Logika dalam filsafat dan sains sering dianggap sama, namun keduanya memiliki perbedaan mendasar yang memengaruhi cara kita memahami realitas dan kebenaran. Logika dalam filsafat, khususnya metafisika, berfokus pada eksistensi atau keberadaan, sedangkan logika dalam sains berpusat pada esensi atau hakikat sesuatu.

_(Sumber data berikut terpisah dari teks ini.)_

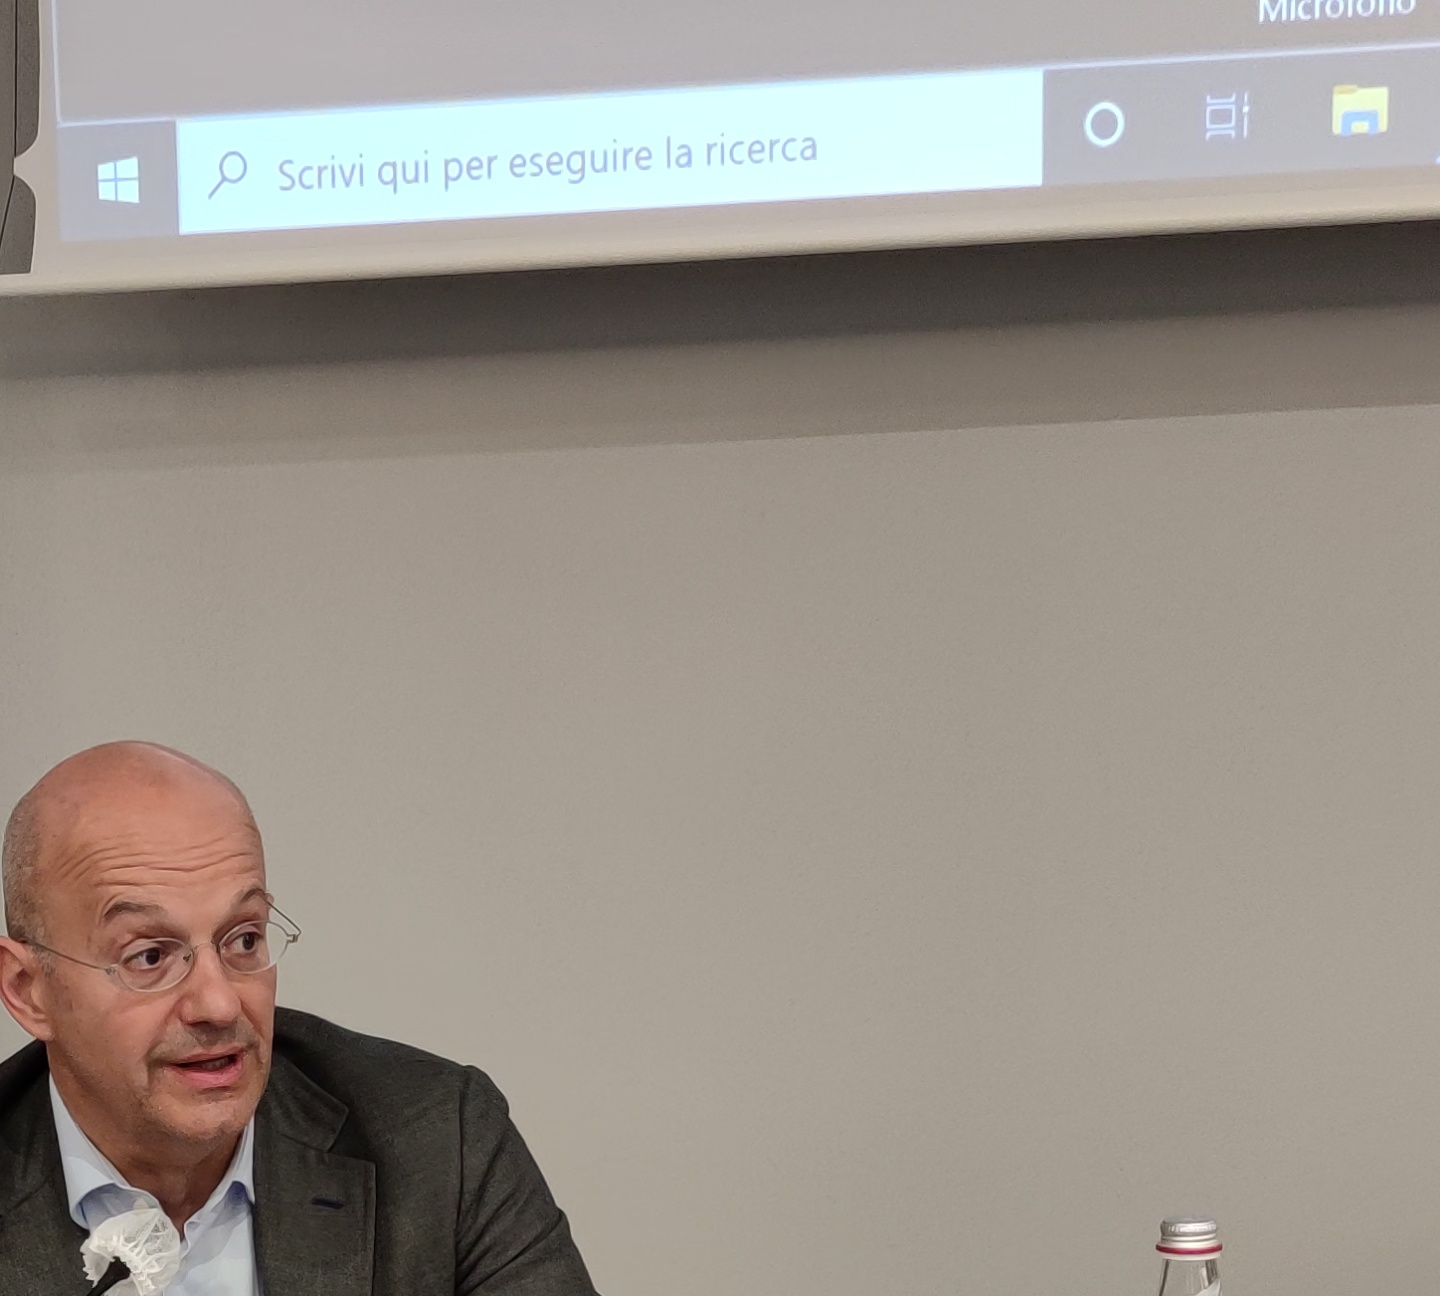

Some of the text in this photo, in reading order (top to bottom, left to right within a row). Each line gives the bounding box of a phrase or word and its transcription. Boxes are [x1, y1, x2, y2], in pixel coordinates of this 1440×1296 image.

[278, 132, 818, 195] Scrivi qui per eseguire la ricerca
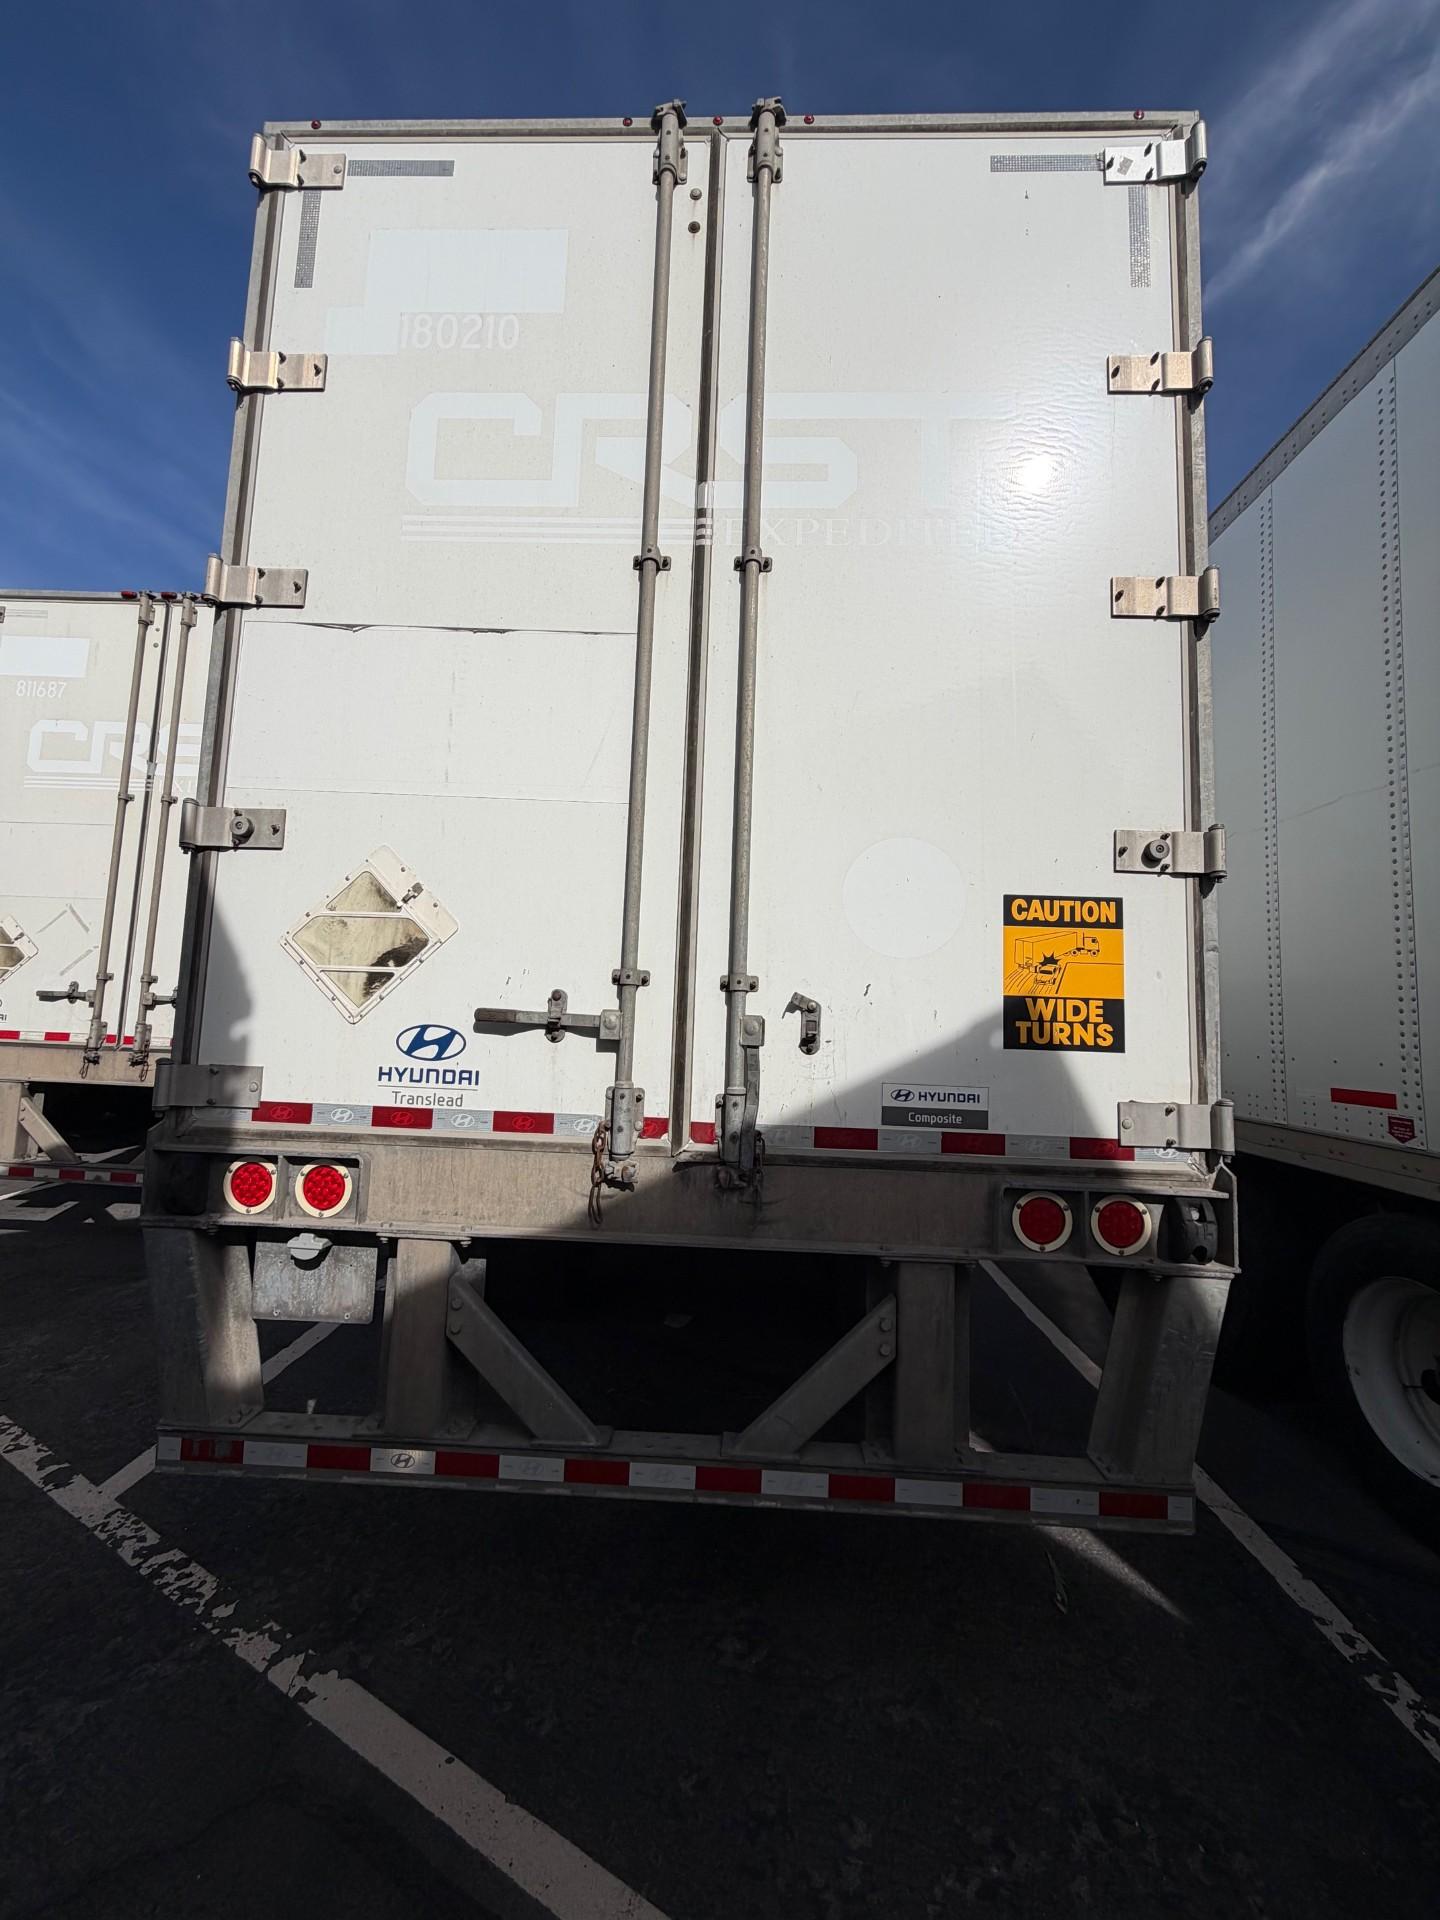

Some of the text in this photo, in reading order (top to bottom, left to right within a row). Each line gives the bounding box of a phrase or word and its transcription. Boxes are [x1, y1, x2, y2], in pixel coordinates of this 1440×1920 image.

[401, 313, 520, 350] 180210
[16, 680, 67, 699] 811687
[1011, 898, 1116, 923] CAUTION
[1025, 998, 1104, 1023] WIDE
[1016, 1021, 1114, 1047] TURNS
[378, 1066, 480, 1086] HYUNDAI
[391, 1091, 464, 1108] Translead
[918, 1091, 980, 1104] HYUNDAI
[908, 1112, 963, 1125] Composite

Dalam tradisi filsafat klasik, logika metafisika berpusat pada konsep eksistensi murni. Konsep ini memahami keberadaan sebagai sesuatu yang sederhana (simple), bukan dalam arti tidak rumit, melainkan tidak memiliki komposisi. Artinya, eksistensi tidak dapat diuraikan menjadi bagian-bagian yang lebih kecil. Eksistensi adalah fondasi dari segala sesuatu yang ada. Saat seorang filsuf metafisika menyatakan, “Satu adalah satu,” ini bukanlah perhitungan matematis. Ia sedang mengungkapkan kebenaran ontologis, yaitu bahwa sesuatu yang ada adalah dirinya sendiri secara mutlak, tanpa perlu perbandingan atau konteks eksternal. Hukum-hukum logika formal, seperti hukum identitas (A adalah A) dan hukum non-kontradiksi (A tidak dapat sekaligus menjadi non-A), tidak relevan dalam ranah ini. Hal ini karena hukum-hukum tersebut mengandaikan adanya pembedaan dan perbandingan, sementara eksistensi adalah kesatuan yang tak terbagi. Dalam keberadaan murni, tidak ada “yang lain” untuk dibandingkan atau dikontraskan. Eksistensi hanya ada tanpa perlu definisi melalui oposisi.

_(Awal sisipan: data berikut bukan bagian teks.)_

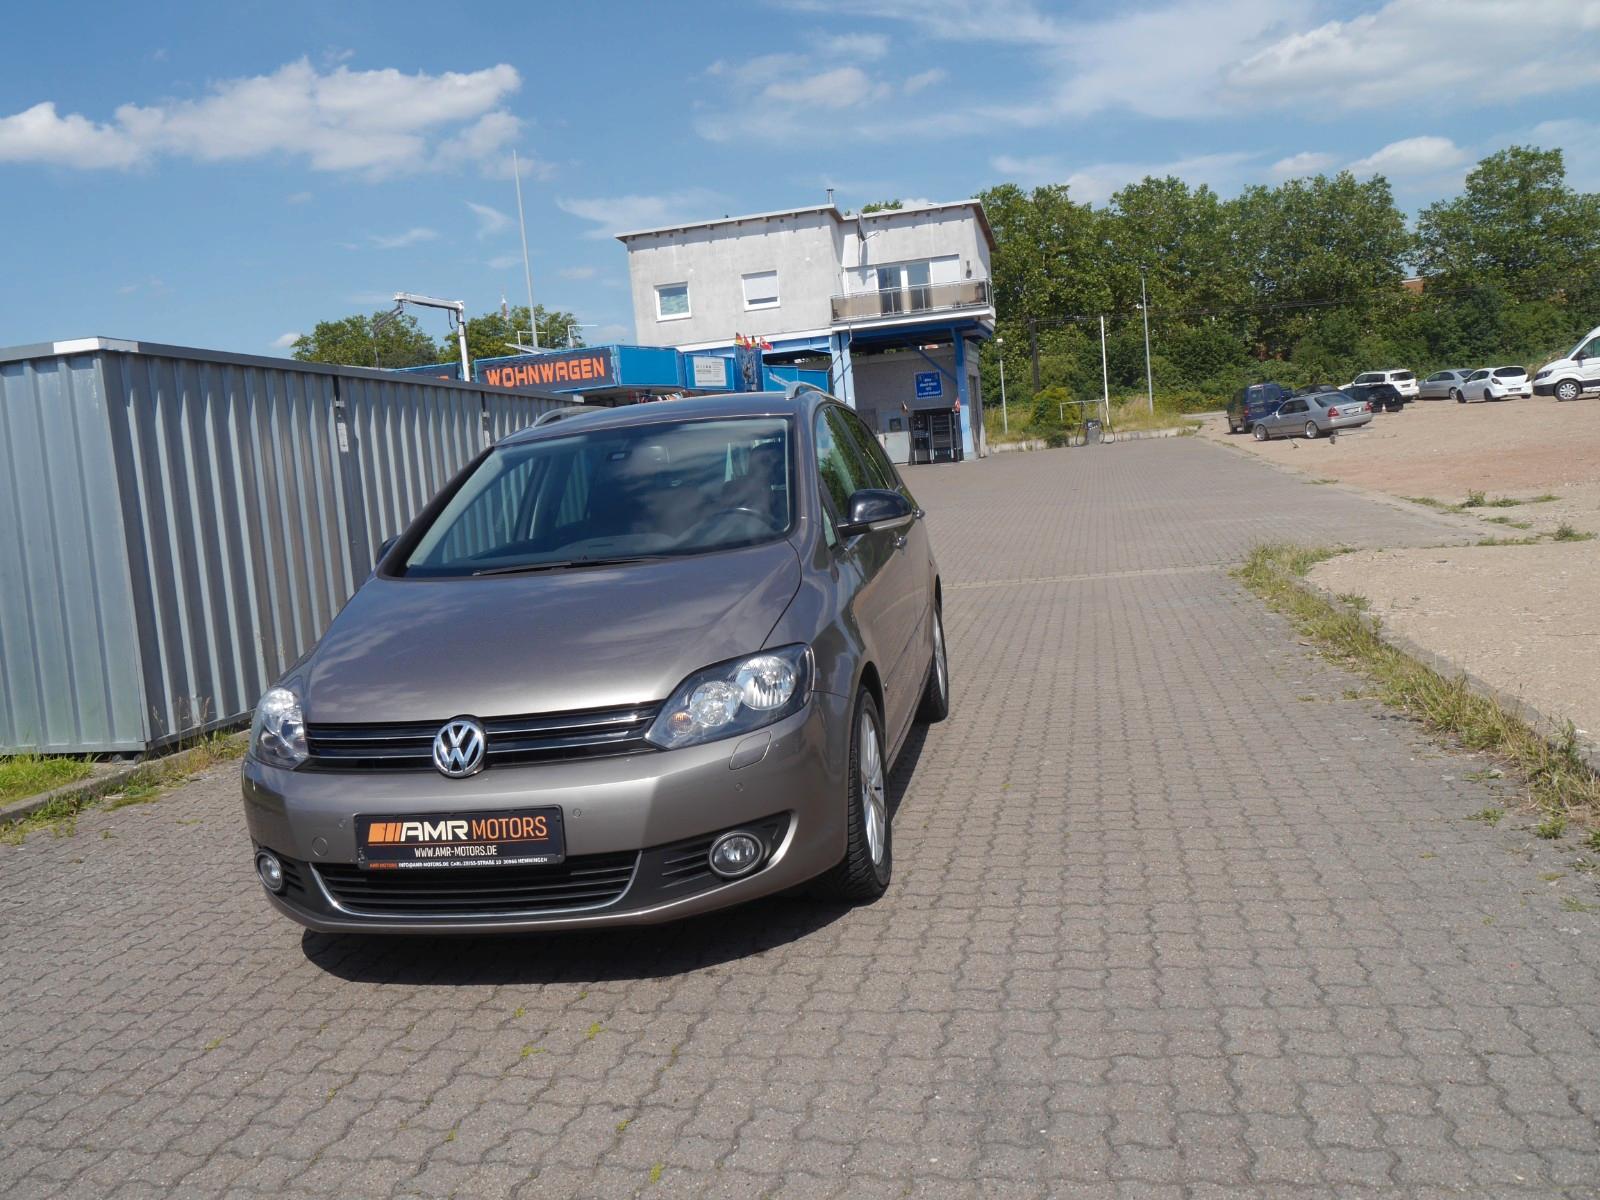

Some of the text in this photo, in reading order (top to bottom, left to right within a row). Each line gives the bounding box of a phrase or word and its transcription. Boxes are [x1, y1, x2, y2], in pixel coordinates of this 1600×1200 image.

[486, 357, 604, 388] WOHNWAGEN
[400, 815, 548, 842] AMR MOTORS
[414, 844, 498, 858] WWW.AMR-MOTORS.DE

Berbeda dengan logika metafisika, logika sains beroperasi dalam dunia yang penuh struktur dan hubungan. Jika logika metafisika menjawab pertanyaan “bahwa sesuatu ada,” logika sains menjawab pertanyaan “apa dan bagaimana sesuatu itu.” Dalam sains, kita berurusan dengan esensi—hakikat sesuatu yang dapat dianalisis, diukur, dan dibandingkan. Esensi bersifat kompleks karena tersusun dari berbagai atribut dan karakteristik. Misalnya, sebuah atom hidrogen dapat diuraikan menjadi proton, elektron, dan sifat-sifat fisiknya. Setiap komponen bisa dipelajari secara terpisah dan dalam hubungannya dengan komponen lain. Dalam sains, konsep “satu” selalu bersifat relasional. Dalam sistem biner komputer, “1” bermakna karena ada oposisinya, yaitu “0.” Bahkan dalam pengamatan empiris, “satu apel” bermakna dalam konteks kategori “apel” dan sistem pengukuran kuantitas. Dengan demikian, logika sains adalah logika perbandingan dan pengukuran. Kebenaran ilmiah dicari melalui observasi, eksperimen, dan verifikasi yang selalu melibatkan hubungan antara berbagai fenomena.

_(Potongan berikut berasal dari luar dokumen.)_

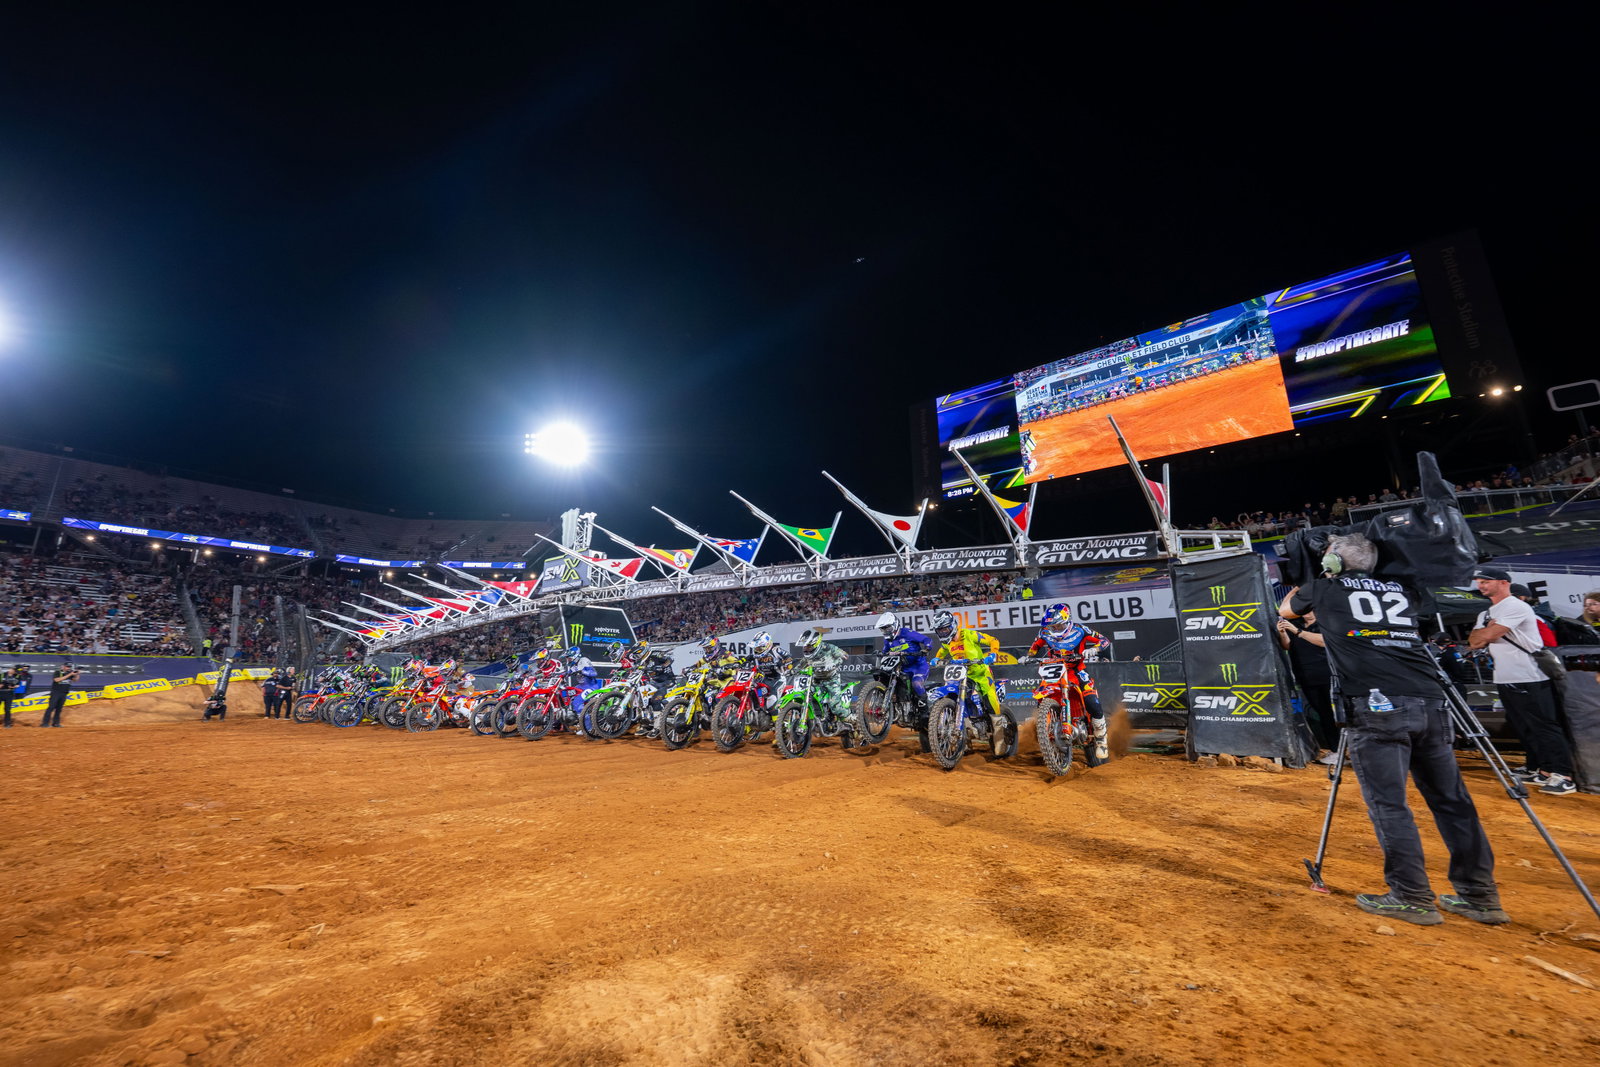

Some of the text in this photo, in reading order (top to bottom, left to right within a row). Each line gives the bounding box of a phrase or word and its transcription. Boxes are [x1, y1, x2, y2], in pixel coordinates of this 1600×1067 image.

[1144, 342, 1167, 355] FIELD
[1168, 334, 1191, 348] CLUB
[1295, 319, 1409, 362] #DROPTHEGATE
[947, 487, 973, 498] 8:28 PM
[1051, 536, 1147, 552] ROCKY MOUNTAIN
[858, 557, 897, 567] MOUNTAIN
[931, 549, 1007, 560] ROCKY MOUNTAIN
[543, 558, 580, 583] SMX
[1078, 596, 1144, 621] CLUB
[1348, 591, 1412, 626] 02
[1184, 608, 1258, 634] SMX
[881, 656, 899, 667] 46
[738, 672, 751, 681] 12
[945, 666, 963, 680] 66
[1042, 665, 1064, 680] 3
[114, 680, 167, 693] SUZUKI
[10, 693, 81, 709] SUZKI
[1121, 687, 1188, 709] SMX
[1193, 690, 1270, 715] SMX

Kedua jenis logika ini tidak saling meniadakan, melainkan saling melengkapi. Sama seperti mata manusia yang membutuhkan kedua bola mata untuk menciptakan persepsi kedalaman, pemahaman yang lengkap tentang realitas juga membutuhkan kedua dimensi logika ini. Kebenaran dalam metafisika bersifat self-evident. Keberadaan itu sendiri adalah syarat bagi segala bukti, sehingga tidak memerlukan bukti eksternal. Sementara itu, kebenaran dalam sains selalu provisional dan terbuka untuk revisi. Teori ilmiah, bahkan yang paling mapan sekalipun, dapat dibantah oleh bukti baru. Ini adalah kekuatan sains, yaitu kemampuannya untuk terus menyempurnakan pemahaman melalui dialog berkelanjutan dengan realitas empiris.
Memahami perbedaan antara logika metafisika dan logika sains membuka pandangan yang lebih kaya tentang realitas. Dengan menggunakan masing-masing secara tepat sesuai konteksnya, kita dapat memahami realitas dalam seluruh spektrumnya, dari pertanyaan mendasar tentang keberadaan hingga detail kompleks dari dunia empiris.